PM: Don’t make enemies of private sector
Gov’t to embrace more partnerships to drive growth, says Holness
Prime Minister Andrew Holness is admonishing those who he says seek to malign the private sector, contending that cooperation between the Government and enterprises is integral to the country’s development.
“This argument that seeks to villainise the private sector should be dismissed, and anyone who tries to make it seem that the private sector is the enemy,” he said. “As a people, we can’t move forward unless we have a strong and innovative entrepreneurial private sector that will come and work with the Government to create the public goods that we all benefit from.”
Holness was speaking on Wednesday at a public-private partnership (PPP) contract signing between the National Water Commission (NWC) and Rio Cobre Water Limited for the construction of a US$77-million (J$11.9-billion) water treatment plant in Content, St Catherine. The project is expected to be completed in two years and will provide NWC customers in Kingston and St Andrew, Portmore, and Spanish Town with an additional 15 million imperial gallons of water daily.

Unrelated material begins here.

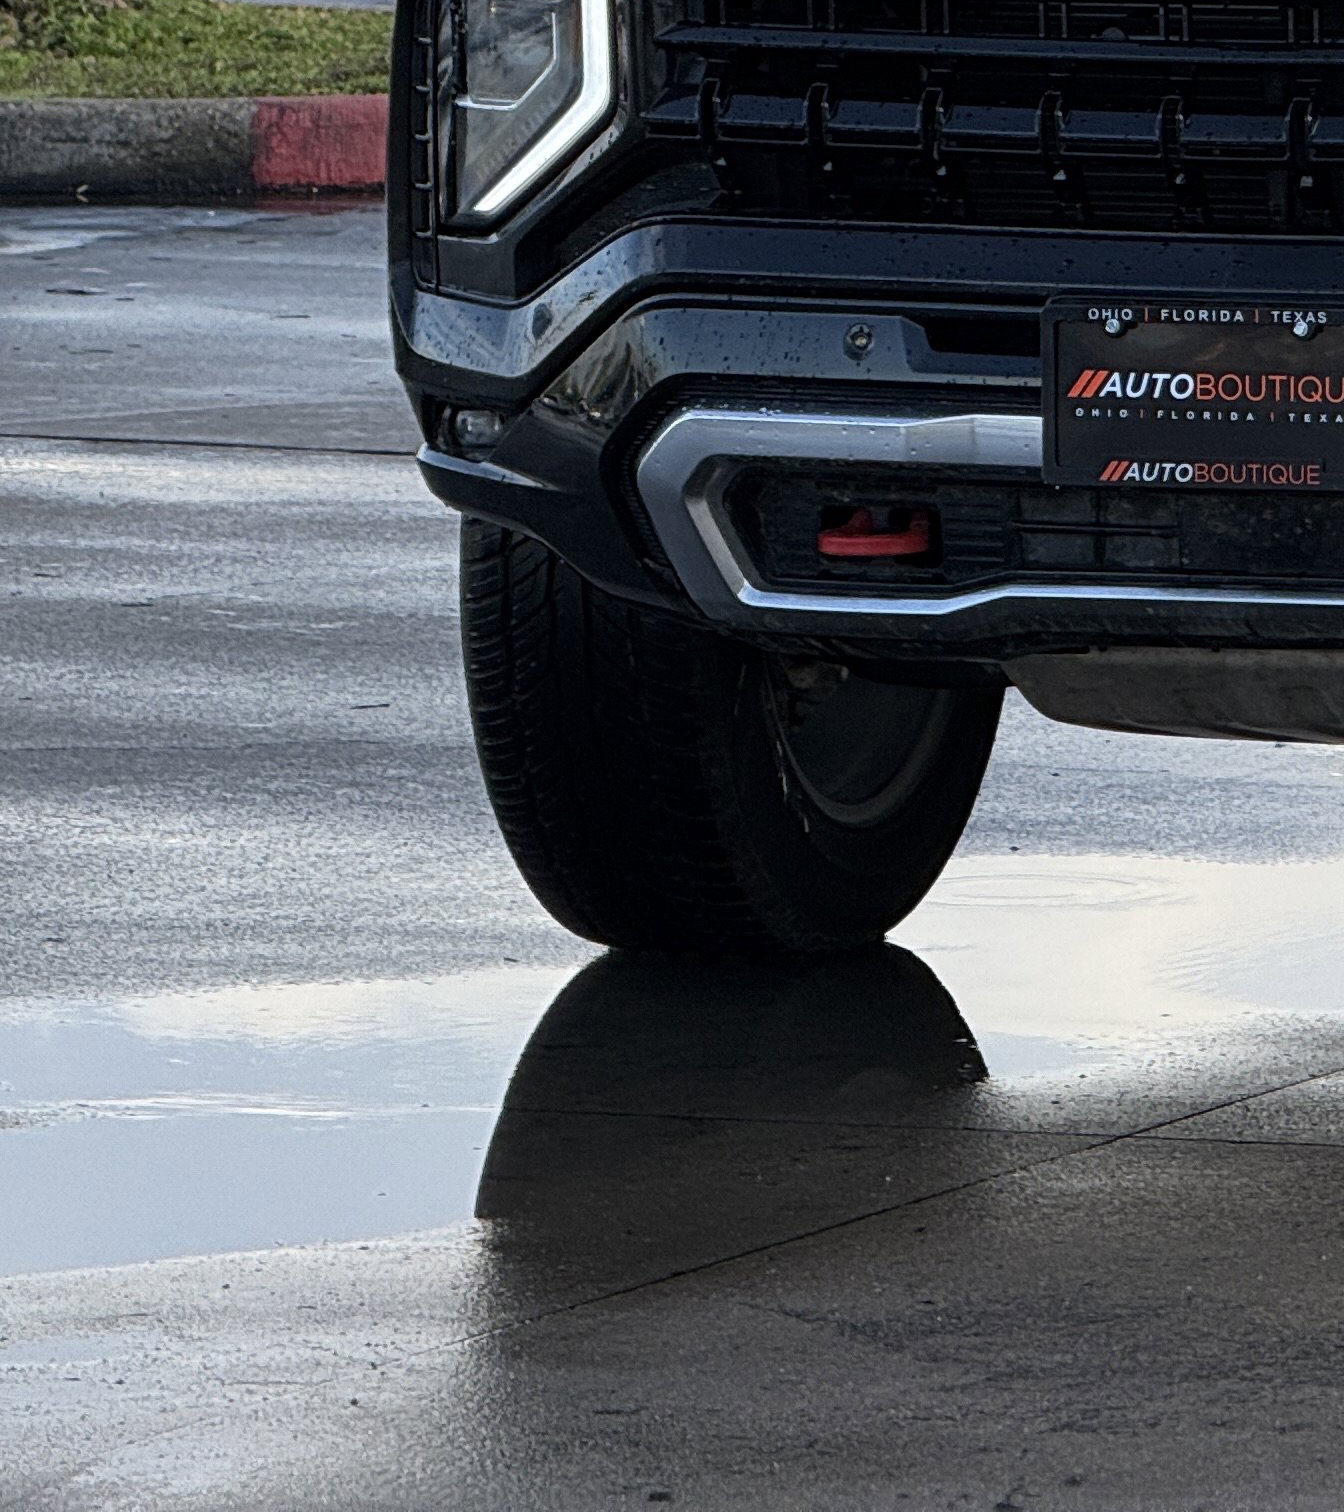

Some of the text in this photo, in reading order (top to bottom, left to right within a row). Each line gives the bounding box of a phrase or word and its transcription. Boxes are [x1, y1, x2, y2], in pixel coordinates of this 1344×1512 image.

[1088, 308, 1328, 324] OHIO FLORIDA TEXAS
[1075, 408, 1128, 418] OHIO
[1157, 410, 1255, 421] FLORIDA
[1122, 462, 1321, 485] AUTOBOUTIQUE

Holness, who is also minister of economic growth and job creation, emphasised that PPPs like these are valuable to growth and, ultimately, improving the lives of citizens. He stated that without this kind of collaboration, the NWC may not have been able to finance such a project.
“It is important to be able to have access to private resources – resources in the management of water, technical resources in the development of these projects, but more importantly, the financial resources, which the NWC, by virtue of its balance sheet, may not be able to bear, and certainly, the Government would not be able to find the money,” he said.

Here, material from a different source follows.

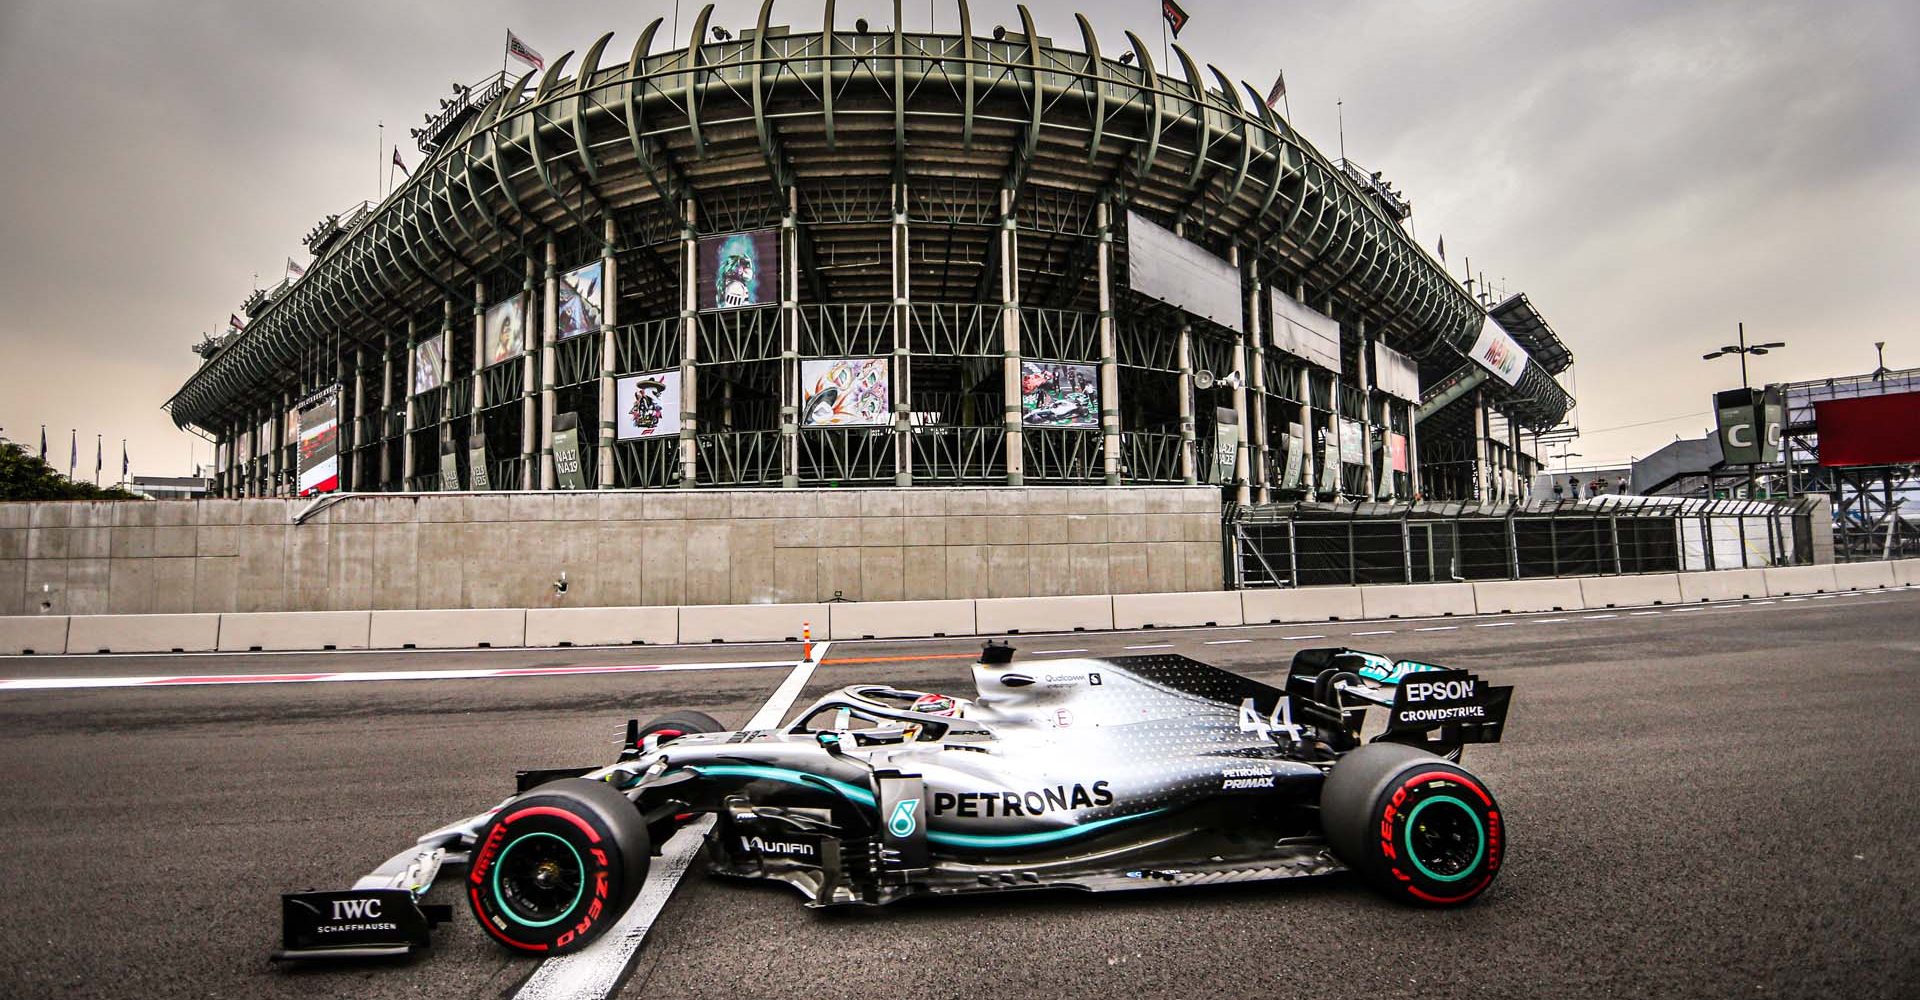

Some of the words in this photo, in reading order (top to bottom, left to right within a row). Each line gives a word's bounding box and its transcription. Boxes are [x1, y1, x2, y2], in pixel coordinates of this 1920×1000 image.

Under the agreement, the water treatment plant will be owned for 23 years by Rio Cobre Water Limited, a consortium which includes Vinci Construction Grand Projects, Jamaica Producers Group and Eppley Limited. After this period, the contract can be extended for another five years, after which, default ownership falls to the Government.
It is being financed through Sagicor Investments and Bank, whose president and CEO Christopher Zacca emphasised his commitment to ensuring its completion.

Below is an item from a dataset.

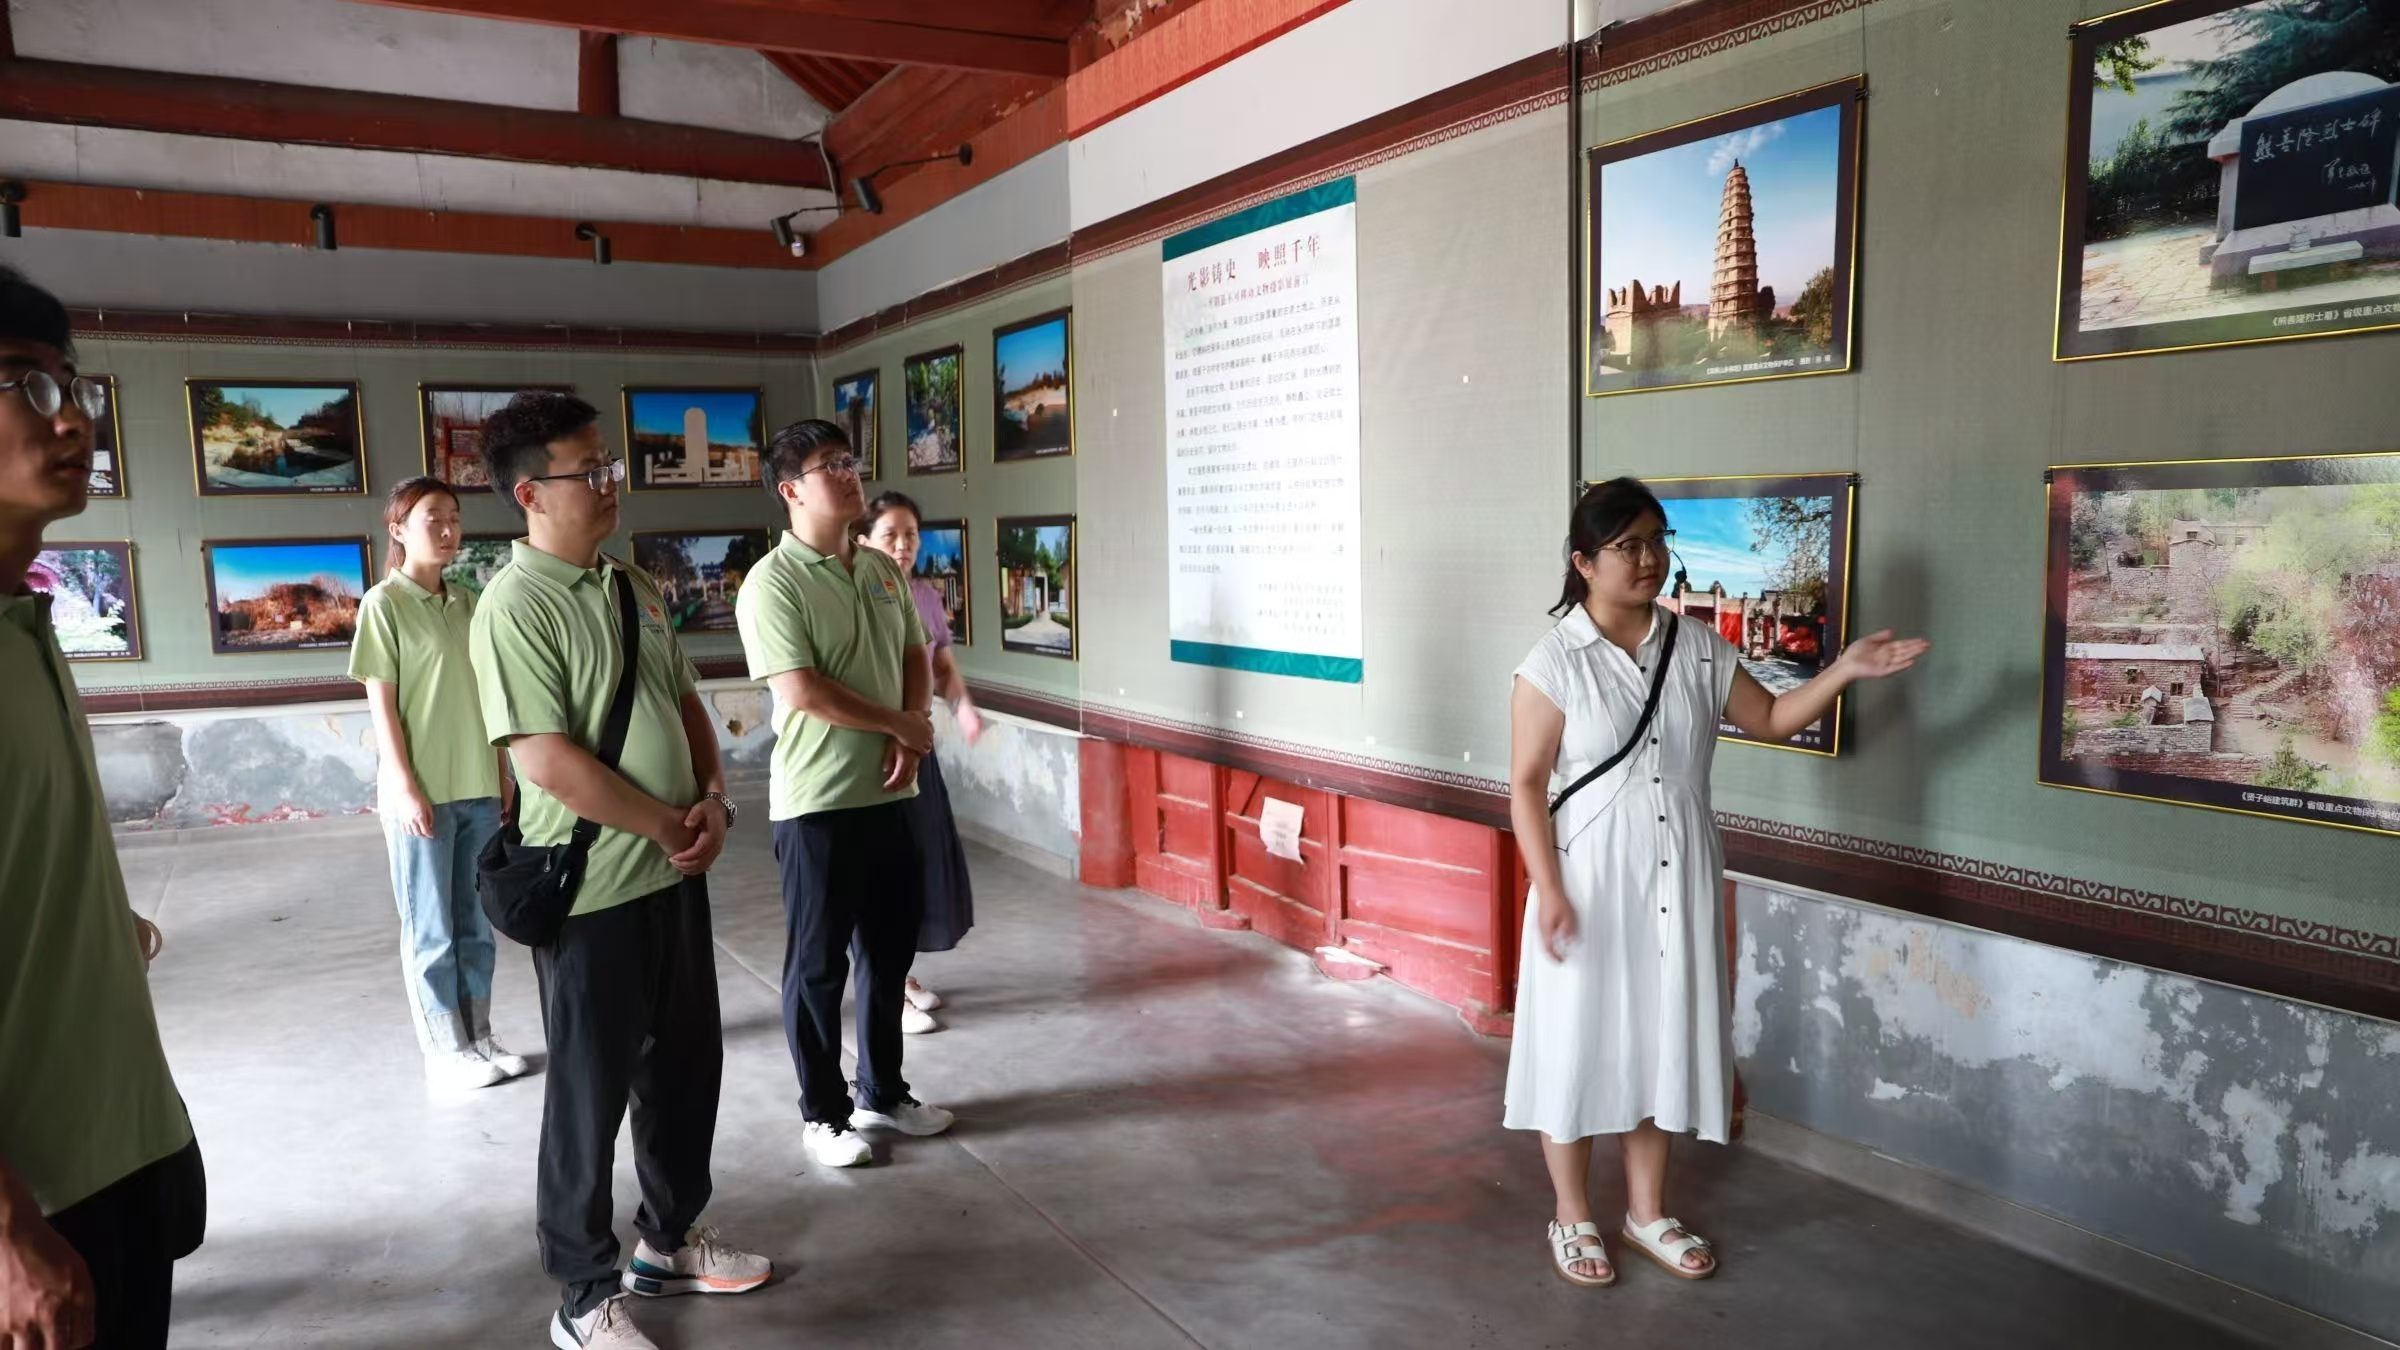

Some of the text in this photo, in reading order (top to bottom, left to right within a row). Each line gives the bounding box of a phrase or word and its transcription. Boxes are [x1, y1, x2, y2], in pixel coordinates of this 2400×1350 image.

“This is a complex project, and these are complex times in the financial markets, and to deliver this project, it will take all of us stakeholders continuing to work together assiduously. Water is life, literally, but it is also the lifeblood of our nation’s growth and development, and make no mistake, we must get this done, and we will get this done,” he said.
Meanwhile, as he signalled his administration’s intention to extend these public-private partnerships to the provision of housing, educational services and infrastructure, and health, Holness said the Government’s interest is protected in what he describes as a robust PPP policy.
“We have managed through this policy to bring dead assets [to life] ... . We had them on our balance sheet. They weren’t really of [any] value because we weren’t able to use them, we weren’t able to get them operational and we didn’t have the money to get those assets to life,” he said.
“PPPs, going forward, will be an important feature of the Government’s growth and development plans. I am using this platform as a means of promoting to our local private sector and international private sector as well. The Government wants to work with you for the benefit of the Jamaican people,” Holness added.